Diario da Piazza
Maidan/2 - Fa sera e fa freddo. Ma le migliaia di giovani rivoluzionari non hanno abbandonato le loro tende. Un mausoleo a cielo aperto, ormai.
Quando si osservano dal vivo scene già viste in tv o sul
computer, si prova la strana sensazione di vedere cose già conosciute ma si
capisce nello stesso tempo che non si è capito assolutamente nulla scorgendo
qualche fuggitiva immagine sugli schermi. Sarà che i cinque sensi vengono tutti
messi in moto, e non solo la vista e l’udito, sarà che la visuale spazia a 360
gradi e non è limitata dal rettangolo digitale; fatto sta che l’impressione è
di quelle che rimangono. Provo sensazioni simili a quelle provate a Piazza
Tahrir, o nella scuola di Beslan, o ancora in Kosovo. Dove il sangue è stato
versato, dove la guerra ha imperversato, la Storia s’è fatta.

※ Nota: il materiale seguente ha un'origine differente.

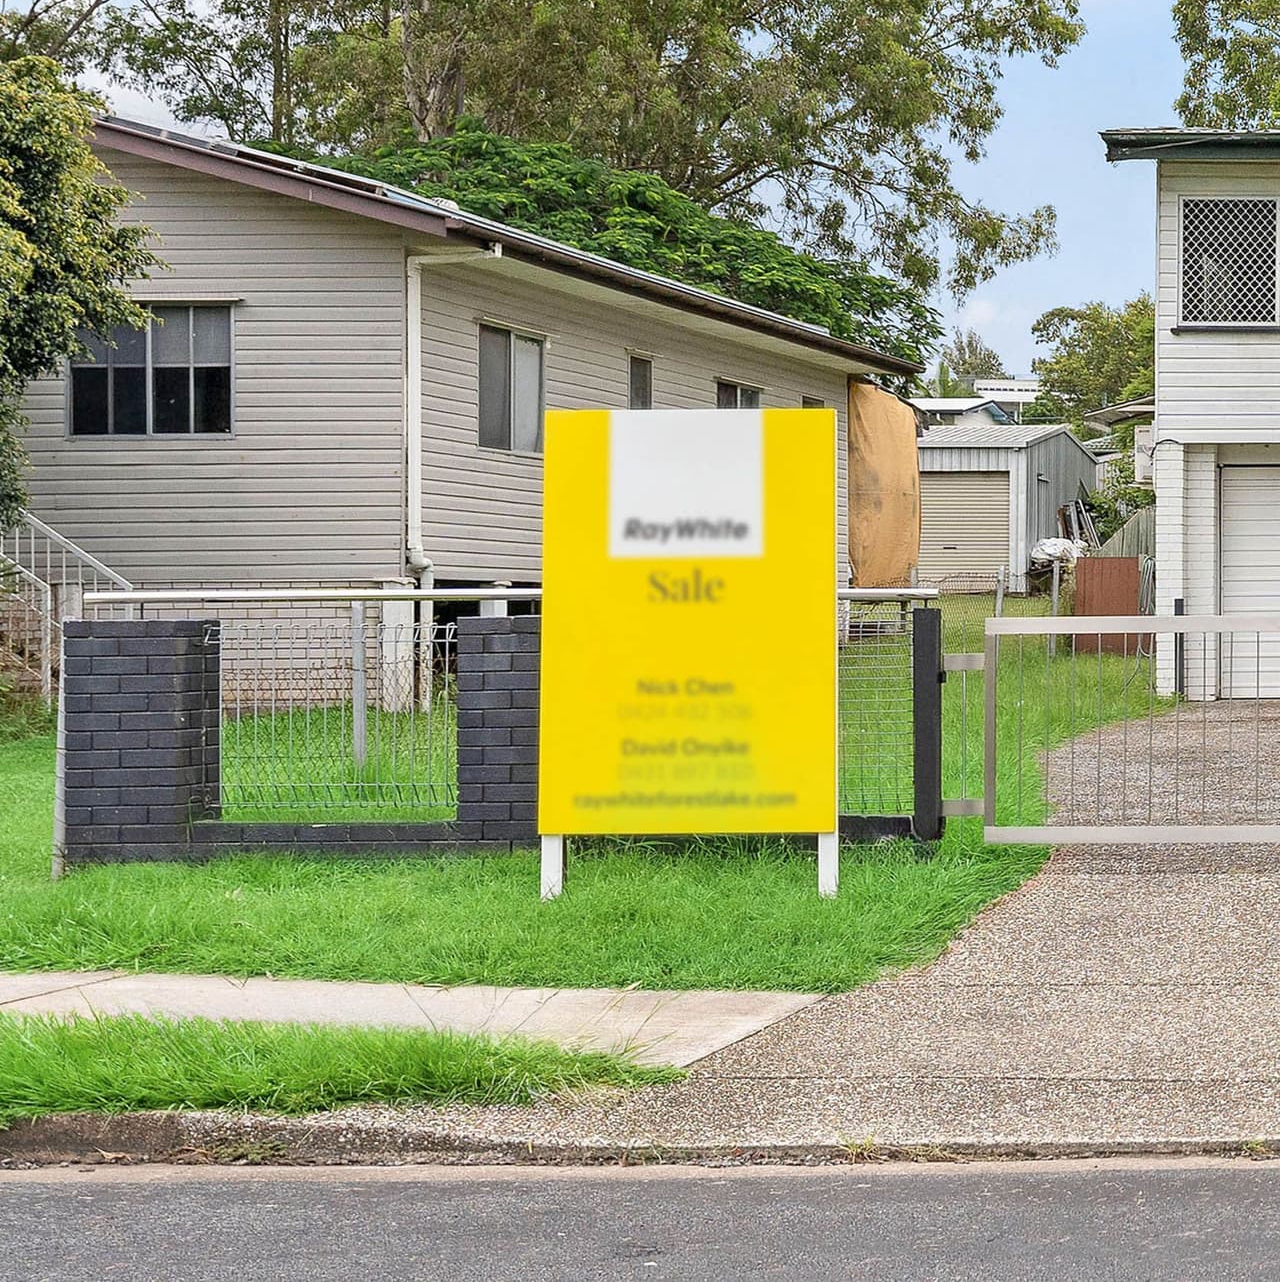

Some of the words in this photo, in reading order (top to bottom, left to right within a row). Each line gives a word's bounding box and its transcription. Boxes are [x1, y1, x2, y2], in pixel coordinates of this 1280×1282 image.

Arrivo a Piazza Maidan che la sera è già scesa. Fa freddo,
siamo sotto lo zero. Nelle strade del potere, a ridosso della piazza, si vive
in un’atmosfera surreale di silenzio, quasi assenti le macchine, di poliziotti
non c’è nemmeno l’ombra. Dinanzi alla Banca centrale e al Palazzo del governo
staziona un soldatino e poco oltre brucia il fuoco acceso nei bidoni di lamiera
dalle originali milizie, espressione dei giovani di Piazza Maidan. S’ascoltano
le notizie provenienti dalla Crimea, le mosse di Putin e dell’esiliato
Yanukovich vengono ancora tenute in grande considerazione, non si dimenticano
facilmente cento morti. Scendo verso la piazza.
Ecco i luoghi dove sono stati ammazzati i primi giovani,
colpiti dai cecchini appostati sui tetti degli edifici del governo più che
dalle forze dell’ordine. Ovunque lumini accesi e fiori deposti, a delimitare in
qualche modo le barricate costituite da ogni sorta di suppellettili, frigo in
disuso, sacchi di pietrisco, neve congelata, travi di legno, blocchi di
cemento, stracci, vecchie valigie, mobilio riciclato, pneumatici in quantità.

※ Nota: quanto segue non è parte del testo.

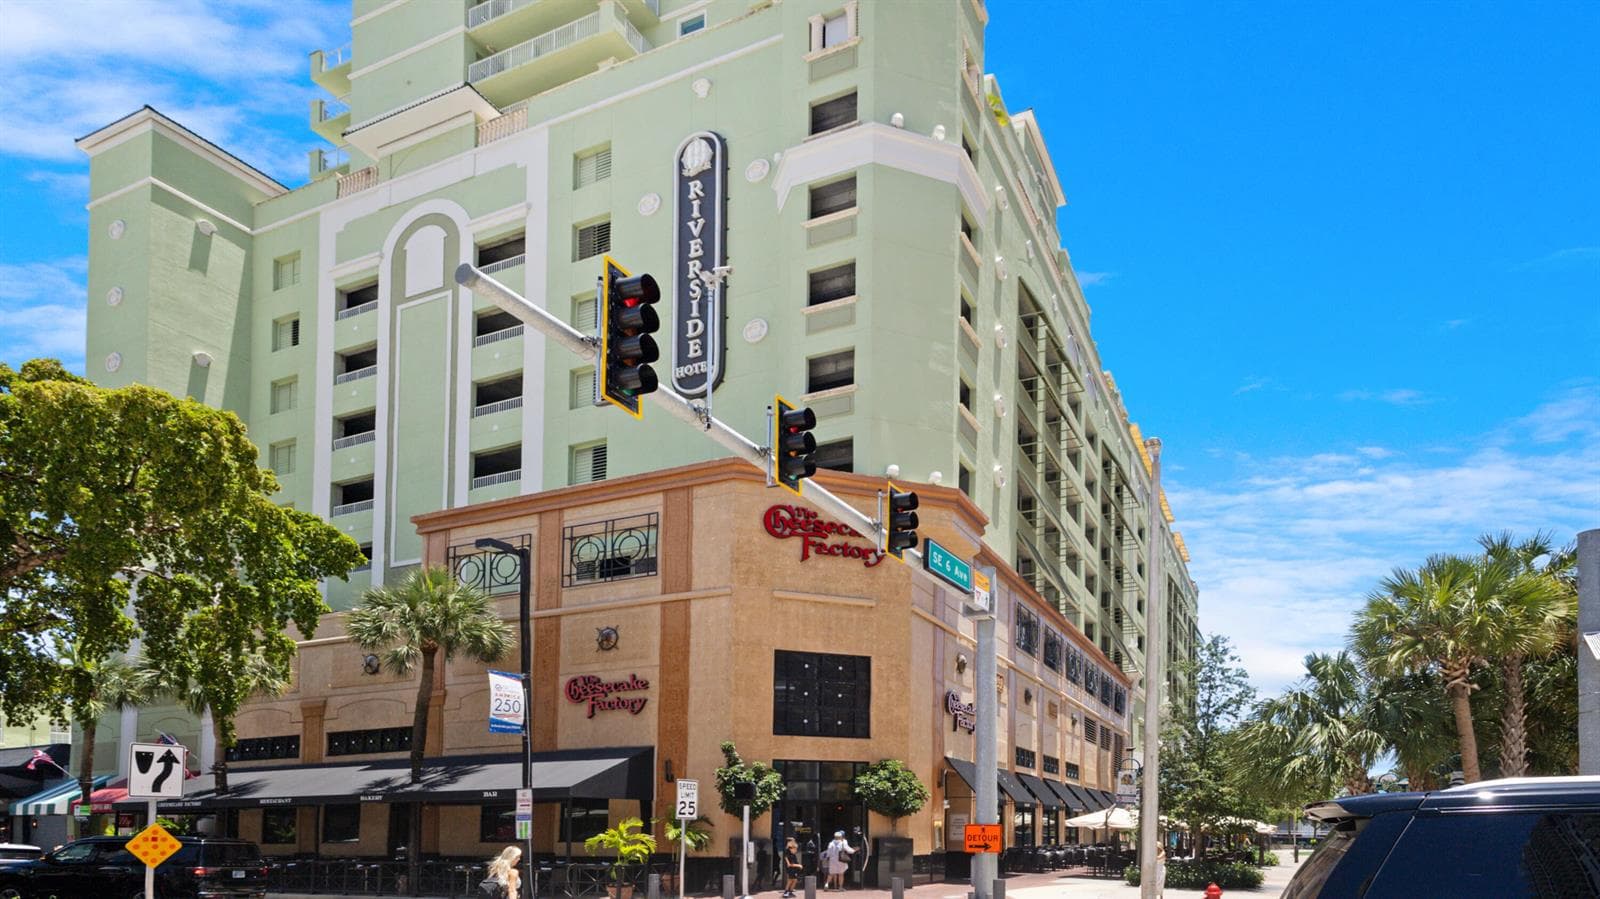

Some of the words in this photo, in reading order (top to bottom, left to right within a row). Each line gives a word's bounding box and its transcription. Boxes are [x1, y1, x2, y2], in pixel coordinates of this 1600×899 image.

[687, 180, 706, 359] RIVERSIDE
[675, 360, 713, 379] HOTE
[791, 531, 886, 568] Factory
[932, 551, 943, 567] SE
[945, 560, 952, 572] 6
[954, 565, 968, 582] Ave
[564, 673, 650, 704] Cheesecake
[495, 698, 521, 713] 250
[586, 694, 649, 720] Factory
[679, 782, 696, 791] SPEED
[680, 791, 695, 799] LIMIT
[678, 800, 696, 816] 25
[967, 834, 999, 843] DETOUR

Le tende dei giovani di Maidan sono ben rizzate, ognuna con la propria stufa,
con la propria protezione, con mobilio sommario.
Qui i giovani sono installati da novembre, da qui hanno con la
loro determinazione portato alla caduta del presidente, ed hanno messo in
discussione l’accordo col grande fratello di Mosca. Davide contro Golia,
indubbiamente, il mito biblico resiste e raddoppia. Ancora una volta. C’è
ingenuità, certamente, c’è il rischio di colpi di coda dell’avversario, le
elezioni del 25 maggio, promesse dal nuovo presidente ad interim, Turcinov,
amico di lunga data della Tymoshenko appena liberata, non sono vinte perché il
Paese è comunque e in ogni caso spaccato in due. La memoria delle altre
rivoluzioni, ultima quella di Yushenko del 2004, è presente ed in qualche modo
potrebbe scoraggiare i giovani di Maidan, visto che è fallita, o quasi; ma al
contrario questa folla non sembra decisa a mollare d’un centimetro,
fertilizzata dal sangue dei martiri.
Martiri che appaiono sulle foto affisse in mille modi in ogni
angolo della piazza e dei dintorni, anche se si concentrano nei luoghi precisi
in cui quei dati giovani sono stati ammazzati dai cecchini o dalle forze di
polizia. Ad onorare la loro memoria ora non ci sono solo i giovani ma il
popolo, le famiglie, i papà che vengono dalla campagna e che vogliono mostrare
ai loro piccoli le foto dei martiri, perché l’Ucraina forgia la sua identità
sui martiri.
Fa freddo, ci si trattiene attorno ai falò, si bevono bevande
calde offerte dai Cavalieri di Malta, dalla Croce Rossa, da volontari d’ogni
genere. Scorgo una donnetta anziana che versa dal suo thermos una bevanda
lattiginosa che va a ruba tra i giovanetti della piazza, c’è dell’alcol in
quell’intruglio. Si sta, nel luogo della battaglia, nel luogo della vittoria. Al
centro della piazza, su un palco, s’alternano senza soluzione di continuità, le
testimonianze relative ai morti, ma anche vengono trasmessi i telegiornali, e
un militante della Crimea si issa fino al microfono invocando più volte il nome
della penisola nel Mar Nero chiedendo alla folla di ripeterlo, in un mantra
salvifico, e forse anche scaramantico. Si dice che i russi stiano per intervenire
laggiù, c’è timore diffuso. E determinazione.